**EXERCISE PROMPT:**
An exact transcription of every entry is required. Images are not part of it.

Data extracted from a collection:
--

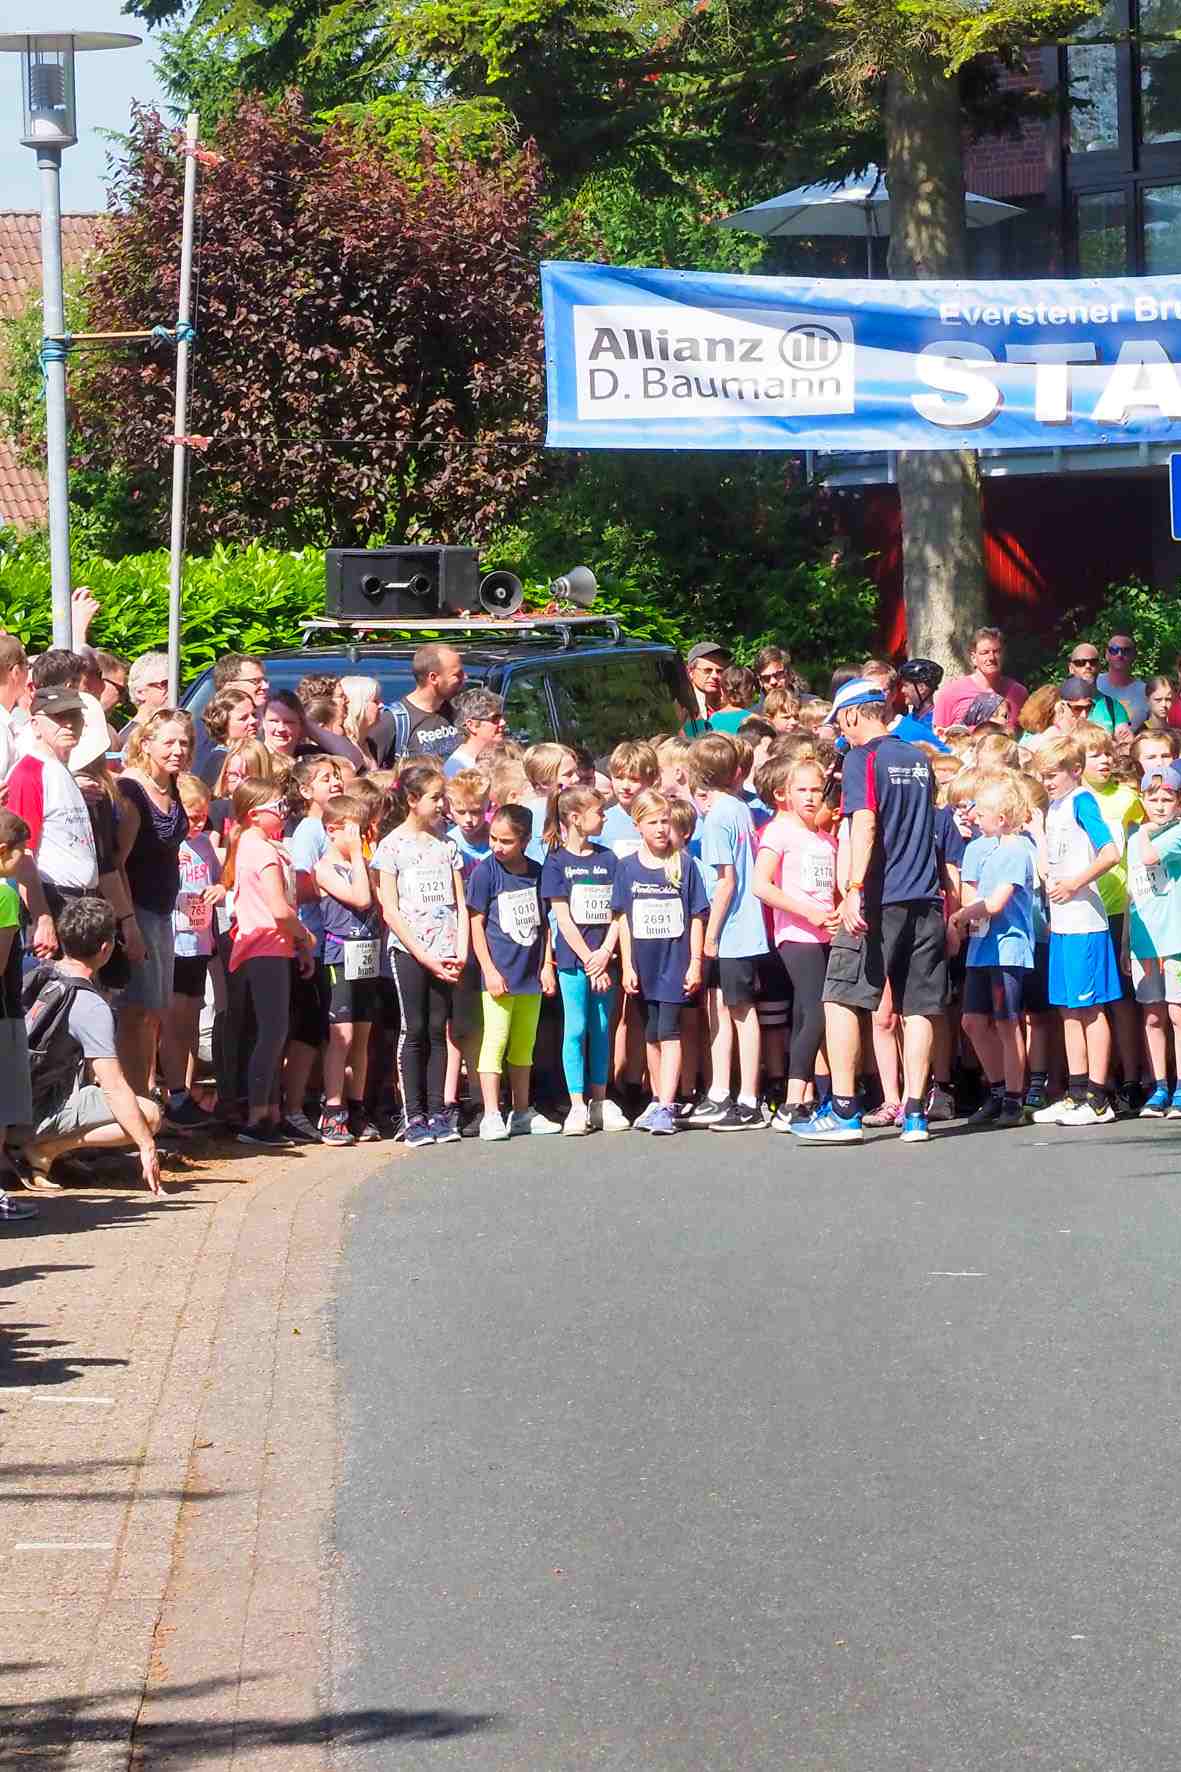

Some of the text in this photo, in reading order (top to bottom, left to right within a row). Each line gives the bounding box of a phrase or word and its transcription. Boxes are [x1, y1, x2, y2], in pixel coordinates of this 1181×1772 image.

[940, 301, 1120, 327] Everstener
[588, 327, 764, 362] Allianz
[588, 367, 841, 400] D. Baumann
[419, 880, 447, 893] 2121
[584, 899, 610, 910] 1012
[643, 914, 672, 925] 2691

--

**PROBLEM SOLUTION:**
Some of the text in this photo, in reading order (top to bottom, left to right within a row). Each line gives the bounding box of a phrase or word and its transcription. Boxes are [x1, y1, x2, y2], in pixel coordinates of this 1181×1772 image.

[940, 301, 1120, 327] Everstener
[588, 327, 764, 362] Allianz
[588, 367, 841, 400] D. Baumann
[419, 880, 447, 893] 2121
[584, 899, 610, 910] 1012
[643, 914, 672, 925] 2691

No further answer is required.